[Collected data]
....

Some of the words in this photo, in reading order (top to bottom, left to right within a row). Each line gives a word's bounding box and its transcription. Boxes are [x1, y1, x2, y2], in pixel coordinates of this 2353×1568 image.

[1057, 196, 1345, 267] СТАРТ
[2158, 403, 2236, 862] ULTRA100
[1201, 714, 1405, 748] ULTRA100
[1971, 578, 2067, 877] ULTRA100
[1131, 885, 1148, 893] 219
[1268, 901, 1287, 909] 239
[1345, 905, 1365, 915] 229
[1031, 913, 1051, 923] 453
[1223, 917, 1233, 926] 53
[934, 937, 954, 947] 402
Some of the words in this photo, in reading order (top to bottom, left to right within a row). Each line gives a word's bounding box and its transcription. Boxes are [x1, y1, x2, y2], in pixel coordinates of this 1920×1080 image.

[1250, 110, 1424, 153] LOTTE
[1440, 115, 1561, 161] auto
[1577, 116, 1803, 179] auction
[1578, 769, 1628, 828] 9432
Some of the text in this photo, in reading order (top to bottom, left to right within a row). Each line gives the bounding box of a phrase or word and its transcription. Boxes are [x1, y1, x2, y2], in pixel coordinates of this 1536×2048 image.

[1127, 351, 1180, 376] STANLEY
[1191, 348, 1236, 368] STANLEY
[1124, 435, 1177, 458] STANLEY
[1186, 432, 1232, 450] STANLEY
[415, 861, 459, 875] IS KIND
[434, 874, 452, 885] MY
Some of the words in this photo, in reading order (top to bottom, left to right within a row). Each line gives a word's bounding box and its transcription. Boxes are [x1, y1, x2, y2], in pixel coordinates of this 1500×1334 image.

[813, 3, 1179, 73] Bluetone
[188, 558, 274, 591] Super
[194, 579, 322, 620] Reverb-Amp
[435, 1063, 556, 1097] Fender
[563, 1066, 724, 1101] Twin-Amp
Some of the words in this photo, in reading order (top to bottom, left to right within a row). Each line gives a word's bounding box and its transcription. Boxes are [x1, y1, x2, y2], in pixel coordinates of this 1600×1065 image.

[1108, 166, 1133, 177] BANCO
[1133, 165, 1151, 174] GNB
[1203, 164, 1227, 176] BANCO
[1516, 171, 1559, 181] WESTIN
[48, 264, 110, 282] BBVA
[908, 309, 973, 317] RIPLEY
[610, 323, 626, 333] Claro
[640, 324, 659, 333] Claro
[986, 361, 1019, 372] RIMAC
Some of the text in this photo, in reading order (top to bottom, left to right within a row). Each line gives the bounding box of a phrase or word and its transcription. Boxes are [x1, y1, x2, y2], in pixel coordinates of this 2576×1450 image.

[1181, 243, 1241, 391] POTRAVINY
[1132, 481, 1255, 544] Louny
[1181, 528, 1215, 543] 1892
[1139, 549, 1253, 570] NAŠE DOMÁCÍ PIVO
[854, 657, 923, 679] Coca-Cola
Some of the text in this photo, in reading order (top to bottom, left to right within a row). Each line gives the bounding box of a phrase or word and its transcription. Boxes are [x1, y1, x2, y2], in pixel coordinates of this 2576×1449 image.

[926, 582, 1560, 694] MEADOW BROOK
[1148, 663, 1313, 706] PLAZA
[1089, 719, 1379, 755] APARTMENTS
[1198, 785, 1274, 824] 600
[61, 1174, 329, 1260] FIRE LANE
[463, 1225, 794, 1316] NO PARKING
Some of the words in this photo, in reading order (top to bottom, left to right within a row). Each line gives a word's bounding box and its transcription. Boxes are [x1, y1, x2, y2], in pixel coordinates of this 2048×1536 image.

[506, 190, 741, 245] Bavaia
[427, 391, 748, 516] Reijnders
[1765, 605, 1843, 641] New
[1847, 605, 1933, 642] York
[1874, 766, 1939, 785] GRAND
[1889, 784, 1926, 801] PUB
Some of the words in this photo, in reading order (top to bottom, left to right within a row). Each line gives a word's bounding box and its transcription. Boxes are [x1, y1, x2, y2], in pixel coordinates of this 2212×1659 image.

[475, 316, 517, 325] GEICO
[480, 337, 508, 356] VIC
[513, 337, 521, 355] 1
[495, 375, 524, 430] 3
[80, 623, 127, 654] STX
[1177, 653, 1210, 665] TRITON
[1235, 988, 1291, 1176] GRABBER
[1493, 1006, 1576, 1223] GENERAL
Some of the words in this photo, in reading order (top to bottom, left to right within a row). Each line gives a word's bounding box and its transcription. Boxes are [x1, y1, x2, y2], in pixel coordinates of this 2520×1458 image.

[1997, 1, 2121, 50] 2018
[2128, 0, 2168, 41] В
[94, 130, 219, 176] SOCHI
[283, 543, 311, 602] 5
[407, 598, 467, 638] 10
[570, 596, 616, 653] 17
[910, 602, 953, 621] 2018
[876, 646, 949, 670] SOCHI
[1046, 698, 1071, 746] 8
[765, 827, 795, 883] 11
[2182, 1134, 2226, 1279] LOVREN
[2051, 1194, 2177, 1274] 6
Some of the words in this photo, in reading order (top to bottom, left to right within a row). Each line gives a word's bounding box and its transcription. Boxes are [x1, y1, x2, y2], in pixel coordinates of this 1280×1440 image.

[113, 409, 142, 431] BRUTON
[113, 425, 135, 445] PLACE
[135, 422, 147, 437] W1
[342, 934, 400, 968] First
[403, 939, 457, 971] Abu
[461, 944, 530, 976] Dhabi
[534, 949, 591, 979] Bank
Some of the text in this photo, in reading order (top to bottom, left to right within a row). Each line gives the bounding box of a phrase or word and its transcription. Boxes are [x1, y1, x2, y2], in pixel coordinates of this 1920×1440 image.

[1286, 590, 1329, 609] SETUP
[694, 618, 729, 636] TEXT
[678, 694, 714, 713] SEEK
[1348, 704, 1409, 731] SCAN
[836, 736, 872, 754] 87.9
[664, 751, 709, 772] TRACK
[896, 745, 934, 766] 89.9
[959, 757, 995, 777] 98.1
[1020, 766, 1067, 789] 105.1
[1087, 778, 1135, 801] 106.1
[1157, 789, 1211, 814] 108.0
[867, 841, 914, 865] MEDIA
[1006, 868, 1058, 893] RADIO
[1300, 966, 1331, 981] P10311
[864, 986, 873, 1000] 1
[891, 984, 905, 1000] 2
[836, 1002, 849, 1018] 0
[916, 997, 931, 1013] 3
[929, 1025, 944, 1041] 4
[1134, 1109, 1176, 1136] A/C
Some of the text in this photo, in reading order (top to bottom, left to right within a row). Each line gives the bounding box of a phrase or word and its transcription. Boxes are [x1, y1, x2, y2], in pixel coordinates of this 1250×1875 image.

....

**Work instructions**
Make an exact transcription of all the records.

**Solution for this problem**
Some of the words in this photo, in reading order (top to bottom, left to right within a row). Each line gives a word's bounding box and its transcription. Boxes are [x1, y1, x2, y2], in pixel coordinates of this 2353×1568 image.

[1057, 196, 1345, 267] СТАРТ
[2158, 403, 2236, 862] ULTRA100
[1201, 714, 1405, 748] ULTRA100
[1971, 578, 2067, 877] ULTRA100
[1131, 885, 1148, 893] 219
[1268, 901, 1287, 909] 239
[1345, 905, 1365, 915] 229
[1031, 913, 1051, 923] 453
[1223, 917, 1233, 926] 53
[934, 937, 954, 947] 402
Some of the words in this photo, in reading order (top to bottom, left to right within a row). Each line gives a word's bounding box and its transcription. Boxes are [x1, y1, x2, y2], in pixel coordinates of this 1920×1080 image.

[1250, 110, 1424, 153] LOTTE
[1440, 115, 1561, 161] auto
[1577, 116, 1803, 179] auction
[1578, 769, 1628, 828] 9432
Some of the text in this photo, in reading order (top to bottom, left to right within a row). Each line gives the bounding box of a phrase or word and its transcription. Boxes are [x1, y1, x2, y2], in pixel coordinates of this 1536×2048 image.

[1127, 351, 1180, 376] STANLEY
[1191, 348, 1236, 368] STANLEY
[1124, 435, 1177, 458] STANLEY
[1186, 432, 1232, 450] STANLEY
[415, 861, 459, 875] IS KIND
[434, 874, 452, 885] MY
Some of the words in this photo, in reading order (top to bottom, left to right within a row). Each line gives a word's bounding box and its transcription. Boxes are [x1, y1, x2, y2], in pixel coordinates of this 1500×1334 image.

[813, 3, 1179, 73] Bluetone
[188, 558, 274, 591] Super
[194, 579, 322, 620] Reverb-Amp
[435, 1063, 556, 1097] Fender
[563, 1066, 724, 1101] Twin-Amp
Some of the words in this photo, in reading order (top to bottom, left to right within a row). Each line gives a word's bounding box and its transcription. Boxes are [x1, y1, x2, y2], in pixel coordinates of this 1600×1065 image.

[1108, 166, 1133, 177] BANCO
[1133, 165, 1151, 174] GNB
[1203, 164, 1227, 176] BANCO
[1516, 171, 1559, 181] WESTIN
[48, 264, 110, 282] BBVA
[908, 309, 973, 317] RIPLEY
[610, 323, 626, 333] Claro
[640, 324, 659, 333] Claro
[986, 361, 1019, 372] RIMAC
Some of the text in this photo, in reading order (top to bottom, left to right within a row). Each line gives the bounding box of a phrase or word and its transcription. Boxes are [x1, y1, x2, y2], in pixel coordinates of this 2576×1450 image.

[1181, 243, 1241, 391] POTRAVINY
[1132, 481, 1255, 544] Louny
[1181, 528, 1215, 543] 1892
[1139, 549, 1253, 570] NAŠE DOMÁCÍ PIVO
[854, 657, 923, 679] Coca-Cola
Some of the text in this photo, in reading order (top to bottom, left to right within a row). Each line gives the bounding box of a phrase or word and its transcription. Boxes are [x1, y1, x2, y2], in pixel coordinates of this 2576×1449 image.

[926, 582, 1560, 694] MEADOW BROOK
[1148, 663, 1313, 706] PLAZA
[1089, 719, 1379, 755] APARTMENTS
[1198, 785, 1274, 824] 600
[61, 1174, 329, 1260] FIRE LANE
[463, 1225, 794, 1316] NO PARKING
Some of the words in this photo, in reading order (top to bottom, left to right within a row). Each line gives a word's bounding box and its transcription. Boxes are [x1, y1, x2, y2], in pixel coordinates of this 2048×1536 image.

[506, 190, 741, 245] Bavaia
[427, 391, 748, 516] Reijnders
[1765, 605, 1843, 641] New
[1847, 605, 1933, 642] York
[1874, 766, 1939, 785] GRAND
[1889, 784, 1926, 801] PUB
Some of the words in this photo, in reading order (top to bottom, left to right within a row). Each line gives a word's bounding box and its transcription. Boxes are [x1, y1, x2, y2], in pixel coordinates of this 2212×1659 image.

[475, 316, 517, 325] GEICO
[480, 337, 508, 356] VIC
[513, 337, 521, 355] 1
[495, 375, 524, 430] 3
[80, 623, 127, 654] STX
[1177, 653, 1210, 665] TRITON
[1235, 988, 1291, 1176] GRABBER
[1493, 1006, 1576, 1223] GENERAL
Some of the words in this photo, in reading order (top to bottom, left to right within a row). Each line gives a word's bounding box and its transcription. Boxes are [x1, y1, x2, y2], in pixel coordinates of this 2520×1458 image.

[1997, 1, 2121, 50] 2018
[2128, 0, 2168, 41] В
[94, 130, 219, 176] SOCHI
[283, 543, 311, 602] 5
[407, 598, 467, 638] 10
[570, 596, 616, 653] 17
[910, 602, 953, 621] 2018
[876, 646, 949, 670] SOCHI
[1046, 698, 1071, 746] 8
[765, 827, 795, 883] 11
[2182, 1134, 2226, 1279] LOVREN
[2051, 1194, 2177, 1274] 6
Some of the words in this photo, in reading order (top to bottom, left to right within a row). Each line gives a word's bounding box and its transcription. Boxes are [x1, y1, x2, y2], in pixel coordinates of this 1280×1440 image.

[113, 409, 142, 431] BRUTON
[113, 425, 135, 445] PLACE
[135, 422, 147, 437] W1
[342, 934, 400, 968] First
[403, 939, 457, 971] Abu
[461, 944, 530, 976] Dhabi
[534, 949, 591, 979] Bank
Some of the text in this photo, in reading order (top to bottom, left to right within a row). Each line gives the bounding box of a phrase or word and its transcription. Boxes are [x1, y1, x2, y2], in pixel coordinates of this 1920×1440 image.

[1286, 590, 1329, 609] SETUP
[694, 618, 729, 636] TEXT
[678, 694, 714, 713] SEEK
[1348, 704, 1409, 731] SCAN
[836, 736, 872, 754] 87.9
[664, 751, 709, 772] TRACK
[896, 745, 934, 766] 89.9
[959, 757, 995, 777] 98.1
[1020, 766, 1067, 789] 105.1
[1087, 778, 1135, 801] 106.1
[1157, 789, 1211, 814] 108.0
[867, 841, 914, 865] MEDIA
[1006, 868, 1058, 893] RADIO
[1300, 966, 1331, 981] P10311
[864, 986, 873, 1000] 1
[891, 984, 905, 1000] 2
[836, 1002, 849, 1018] 0
[916, 997, 931, 1013] 3
[929, 1025, 944, 1041] 4
[1134, 1109, 1176, 1136] A/C
Some of the text in this photo, in reading order (top to bottom, left to right within a row). Each line gives the bounding box of a phrase or word and its transcription. Boxes are [x1, y1, x2, y2], in pixel coordinates of this 1250×1875 image.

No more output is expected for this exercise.